Prevent Unnecessary Hardware Upgrades

Colleen Toumayan asked:

There’s nothing like having to replace something before it’s time. When a car, for example, starts breaking down four years after purchase, the owner unexpectedly has to pull together the financing for another vehicle and go through the painful lease or purchase process. Or a television goes out right in the middle of your favorite program when you fully expected it to last at least another two years. It seems nothing lasts as long as it used to—and it can be an expensive surprise.
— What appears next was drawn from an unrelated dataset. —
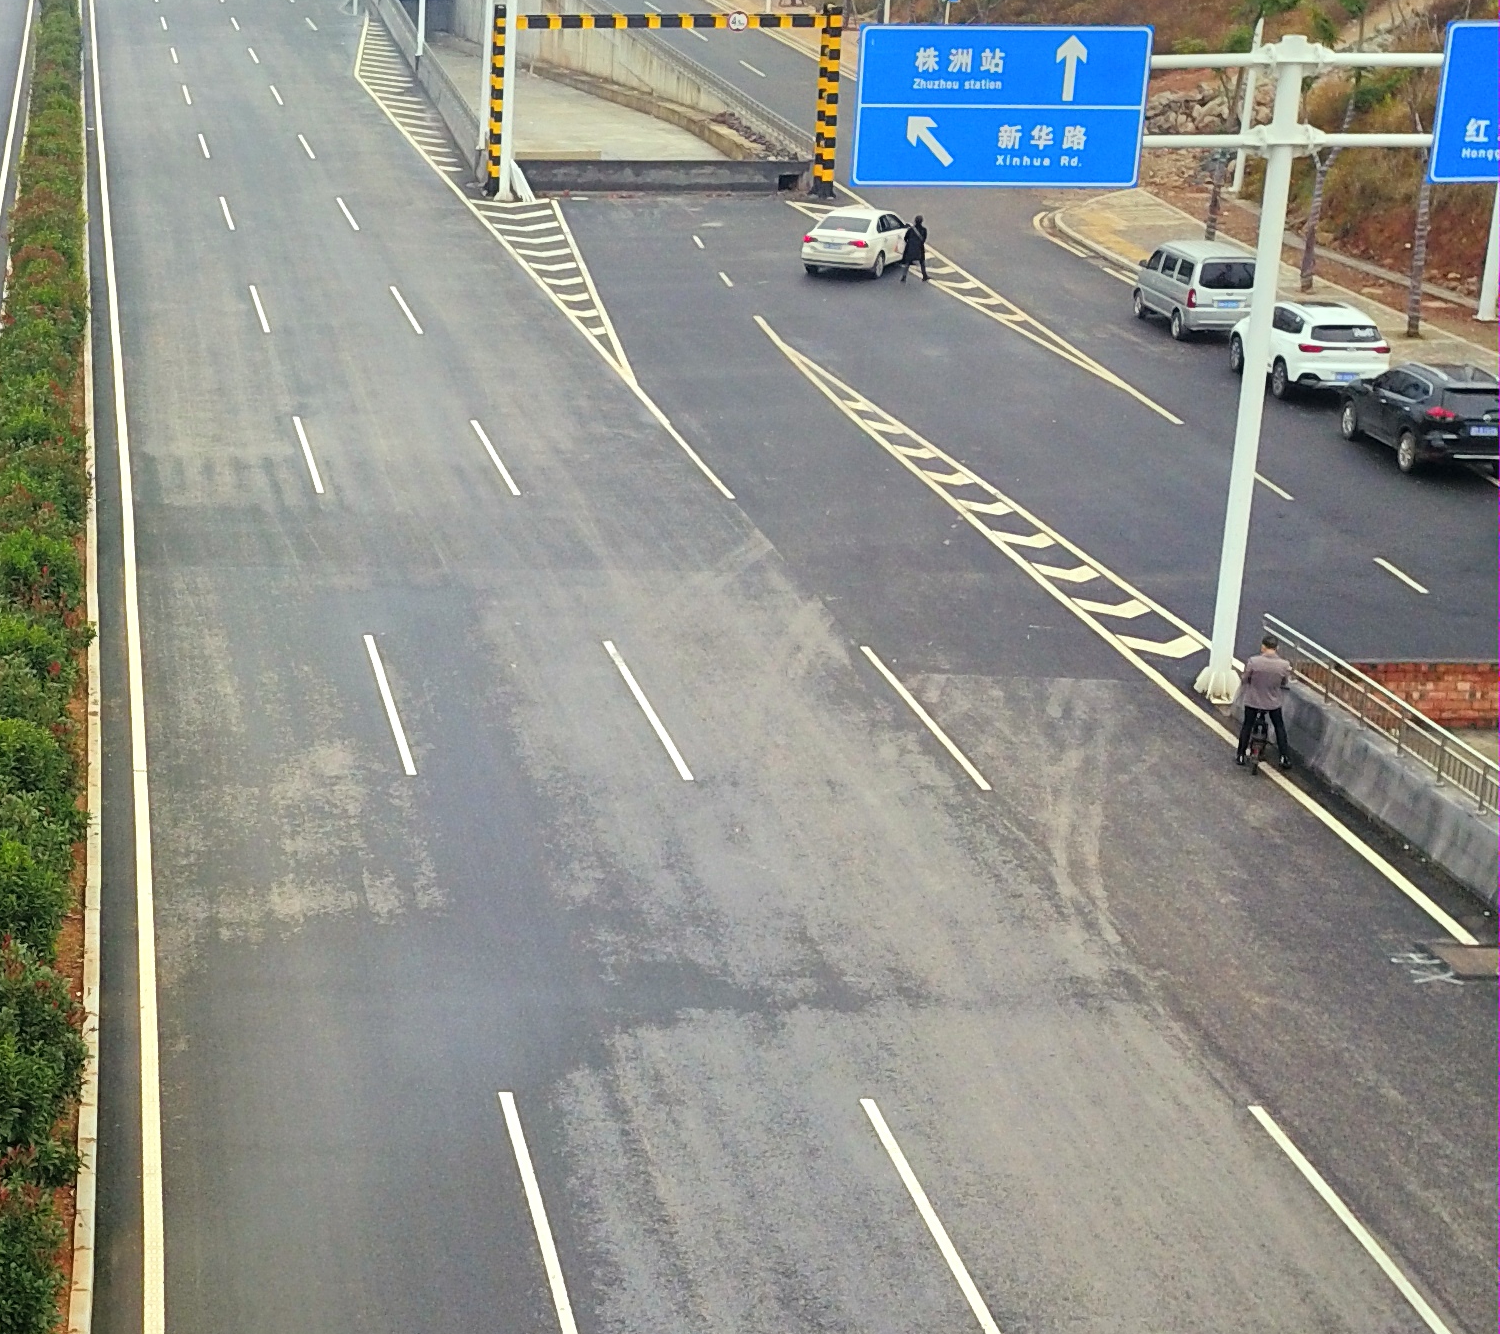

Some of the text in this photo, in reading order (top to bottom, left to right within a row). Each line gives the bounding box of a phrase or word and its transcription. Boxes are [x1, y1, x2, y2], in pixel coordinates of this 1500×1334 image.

[914, 47, 1005, 73] 株洲站
[913, 78, 1002, 89] Zhuzhou station
[997, 124, 1087, 150] 新华路
[996, 154, 1082, 167] Xinhua Rd.
This can be also true of computers, and in business it can be as expensive as or even more expensive than some car or a television. A company budgets its funds for a quarter or for a year, and having an unexpected hardware failure necessitating a replacement or upgrade turns that budget on its ear. It becomes imperative for an IT department to maintain that hardware and get as much life out of it as possible—and when it comes to hard drives, file fragmentation can rob a good portion of that life.
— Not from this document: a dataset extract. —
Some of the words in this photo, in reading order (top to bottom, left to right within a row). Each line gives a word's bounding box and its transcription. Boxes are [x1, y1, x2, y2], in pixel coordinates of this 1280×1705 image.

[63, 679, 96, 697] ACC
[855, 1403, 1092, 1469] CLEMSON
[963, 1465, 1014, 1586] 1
A hard drive is the only computer component that has mechanical, moving parts that can break down. Every time a file is requested, a read/write head must move across the disk platters and retrieve that file, and file fragmentation adds additional movements for every fragment. Because the free space on a drive is also fragmented, the same holds true for writing a file: the read/write head will have to keep moving until it has written all the fragments of a file in the free spaces available.

Many companies have implemented scheduled defrag to make sure drives are defragmented. But what system administrators in these companies may not know is that despite scheduled defragmentation, hard drives are still experiencing unnecessary wear and tear. Because file sizes have become enormous and disk capacities have so greatly increased, fragmentation builds up far quicker than it used to. In between scheduled runs, fragmentation continues to impact performance and continues to reduce hard drive life—and in some instances, as in the case of very large drives, the defragmenter isn’t even addressing the fragmentation problem.
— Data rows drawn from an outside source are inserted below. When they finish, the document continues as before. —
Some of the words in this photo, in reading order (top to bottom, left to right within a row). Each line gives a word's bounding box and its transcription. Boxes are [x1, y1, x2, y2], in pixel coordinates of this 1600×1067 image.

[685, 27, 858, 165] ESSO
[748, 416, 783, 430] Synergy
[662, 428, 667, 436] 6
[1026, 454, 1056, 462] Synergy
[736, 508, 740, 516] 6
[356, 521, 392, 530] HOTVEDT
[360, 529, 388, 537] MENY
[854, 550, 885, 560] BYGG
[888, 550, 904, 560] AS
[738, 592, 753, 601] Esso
An automatic defrag solution solves this problem, restoring that life and allows hardware to be used even longer than expected.

“I am still able to use five-year-old equipment even for software development and builds, simply because they are so highly optimized with automatic defrag software I use,” said Neil Beesely, network administrator with Integrated Medicine PS in Bremerton, Washington. “In addition to defragmenting data files we are particularly grateful for being able to defragment MFT and page files easily.”

Beesely has been able to address his fragmentation issues with automatic defragmentation. These include software build environments that suffer severe fragmentation problems, software test environments using VMware that also suffer severe fragmentation, and admin and secretarial workstations where he can prevent unnecessary slowdowns and avoid hardware upgrades.

File fragmentation takes a serious toll on hard drives. The right defrag technology, counteracts that toll and ensures hard drives last through their expected life spans and beyond.